Operator error yes I have had a few one of them was with a nice  Starret dial indicator. thomas s


----------



## Wreck™Wreck (Jul 18, 2015)

thomas s said:


> Operator error yes I have had a few one of them was with a nice  Starret dial indicator. thomas s


Don't turn the spindle on with an indicator still in it, this never ends well.


----------



## Bill C. (Jul 18, 2015)

I bought a Starrett years ago. It has had it accidental falls over the years but has been very good to me. 

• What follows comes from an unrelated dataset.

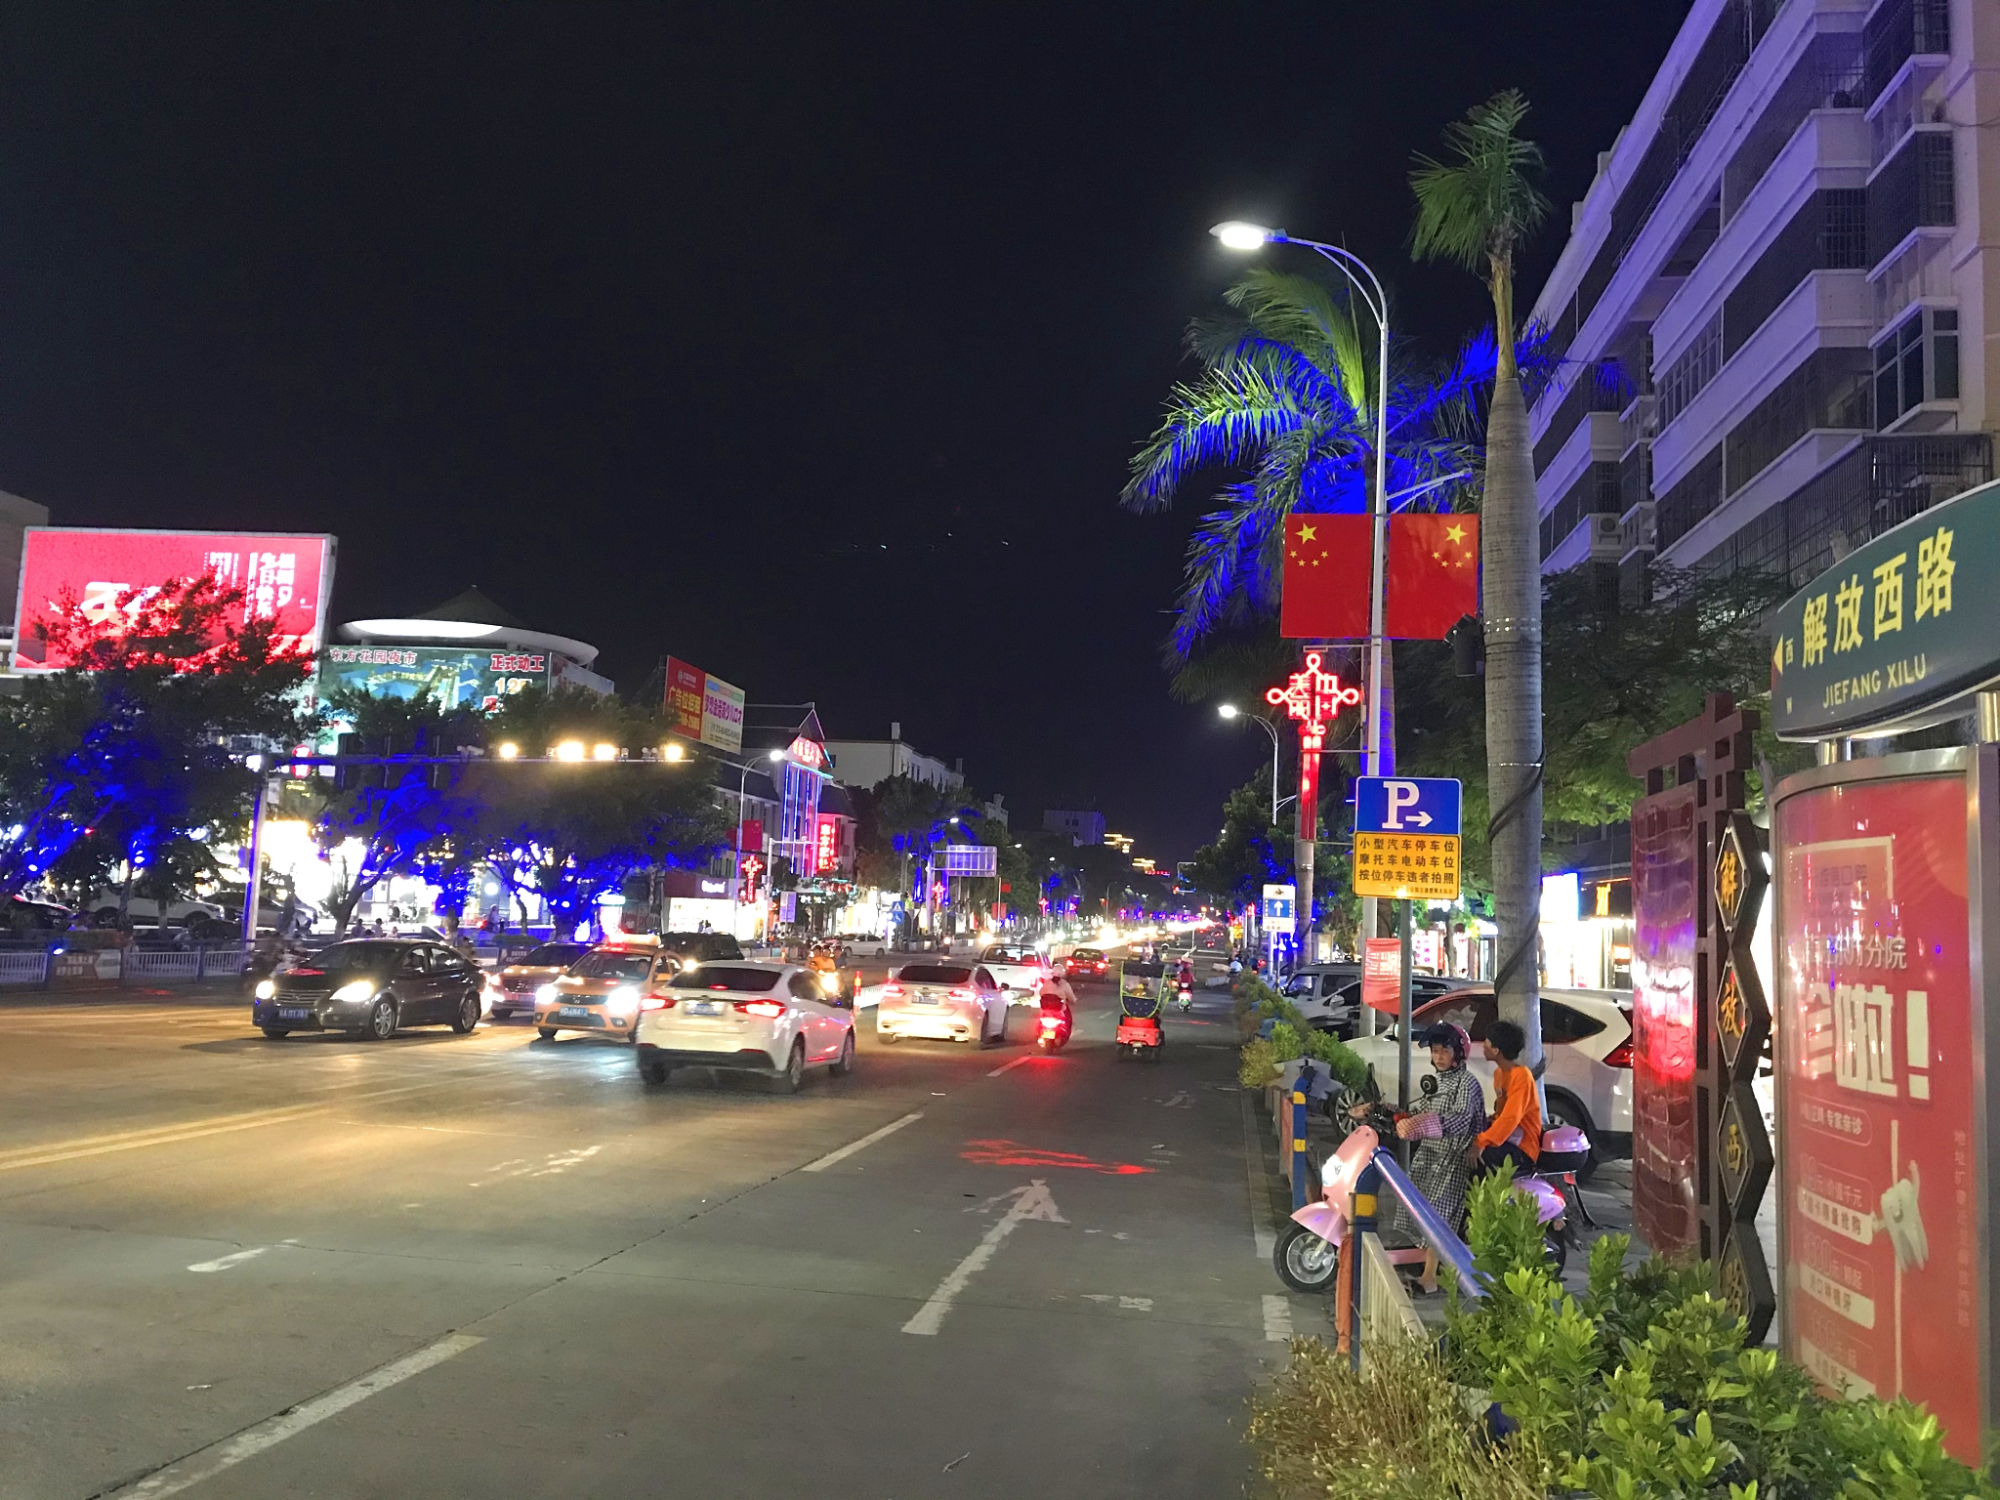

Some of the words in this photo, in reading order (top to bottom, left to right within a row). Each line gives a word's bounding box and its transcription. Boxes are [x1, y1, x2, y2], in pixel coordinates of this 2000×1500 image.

When I started there weren't many brands out there or known to me.  Starrett and Brown & Sharpe were the most popular brands in the late 1960's.


----------



## RJSakowski (Jul 18, 2015)

Wreck™Wreck said:


> Don't turn the spindle on with an indicator still in it, this never ends well.


+1 Wreck™Wreck.
I use a digital tenths reading dial indicator in the Tormach for setting my tool comp.  I always leave the spindle lock on and the spindle interlock activated when the indicator is in the collet.  A real problem happened when I accidentally hit the down arrow while in Mach 3.  The dial indicator crashed into the table and stalled the Z axis drive.  Fortunately, I was able to take the indicator apart and straighten the bent coupling band and restore the indicator to service.  Unfortunately, I don't know how to lock out the down arrow keys to prevent that from happening again.

Bob


----------



## joshua43214 (Jul 20, 2015)

I have a soft spot for Mitutoyo. I suggest getting a Mitutoyo indicator and mic.
I keep a premium Shars (the black face model) kinda perma mounted on my lathe in a Noga holder. I use it instead of the dials when advancing the cross slide. I have found it to be remarkably accurate and I cut to the line with confidence using it. It does occasionally stick a bit, you want to always tap lightly on the face to make sure it is settled, and lightly pull the plunger out a bit and let it drop.
I also suggest the Browne and Sharp shock proof dial caliper as a daily beater. Don't buy a cheap digital unless it has a low battery indicator (most cheap ones don't). They will start to give bad readings before the face starts to dim. Either get a good (and expensive) unit or use a dial caliper (this goes for mics as well).
A small dovetail mounted dial test indicator is almost irreplaceable on the mill for centering over holes.


----------



## stupoty (Jul 21, 2015)

I have a mixture of acuracies and range,

The 0.0001 inch ones can be a pain unless you have got it close witgg a 0.001 indicator first.  A lot of the 1/10000 ones have about 1/8" of travle. 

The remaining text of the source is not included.